Your instructions: All of the data should be restated exactly as it stands.

***

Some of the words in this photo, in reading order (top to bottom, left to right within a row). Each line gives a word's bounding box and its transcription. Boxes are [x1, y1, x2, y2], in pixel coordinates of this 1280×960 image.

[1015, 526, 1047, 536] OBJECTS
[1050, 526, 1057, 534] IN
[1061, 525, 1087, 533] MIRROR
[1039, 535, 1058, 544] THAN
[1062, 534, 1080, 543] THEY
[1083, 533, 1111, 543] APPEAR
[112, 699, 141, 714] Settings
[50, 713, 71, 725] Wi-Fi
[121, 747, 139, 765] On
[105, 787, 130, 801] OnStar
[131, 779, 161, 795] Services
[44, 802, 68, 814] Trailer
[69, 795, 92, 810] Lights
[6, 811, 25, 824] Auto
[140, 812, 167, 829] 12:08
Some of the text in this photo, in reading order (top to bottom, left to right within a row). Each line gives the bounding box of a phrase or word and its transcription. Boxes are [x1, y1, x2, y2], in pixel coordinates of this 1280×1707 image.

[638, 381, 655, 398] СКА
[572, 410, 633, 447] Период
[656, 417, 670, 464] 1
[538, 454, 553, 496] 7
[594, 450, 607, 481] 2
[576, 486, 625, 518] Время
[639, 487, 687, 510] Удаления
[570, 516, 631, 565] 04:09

***

Response to the exercise:
Some of the words in this photo, in reading order (top to bottom, left to right within a row). Each line gives a word's bounding box and its transcription. Boxes are [x1, y1, x2, y2], in pixel coordinates of this 1280×960 image.

[1015, 526, 1047, 536] OBJECTS
[1050, 526, 1057, 534] IN
[1061, 525, 1087, 533] MIRROR
[1039, 535, 1058, 544] THAN
[1062, 534, 1080, 543] THEY
[1083, 533, 1111, 543] APPEAR
[112, 699, 141, 714] Settings
[50, 713, 71, 725] Wi-Fi
[121, 747, 139, 765] On
[105, 787, 130, 801] OnStar
[131, 779, 161, 795] Services
[44, 802, 68, 814] Trailer
[69, 795, 92, 810] Lights
[6, 811, 25, 824] Auto
[140, 812, 167, 829] 12:08
Some of the text in this photo, in reading order (top to bottom, left to right within a row). Each line gives the bounding box of a phrase or word and its transcription. Boxes are [x1, y1, x2, y2], in pixel coordinates of this 1280×1707 image.

[638, 381, 655, 398] СКА
[572, 410, 633, 447] Период
[656, 417, 670, 464] 1
[538, 454, 553, 496] 7
[594, 450, 607, 481] 2
[576, 486, 625, 518] Время
[639, 487, 687, 510] Удаления
[570, 516, 631, 565] 04:09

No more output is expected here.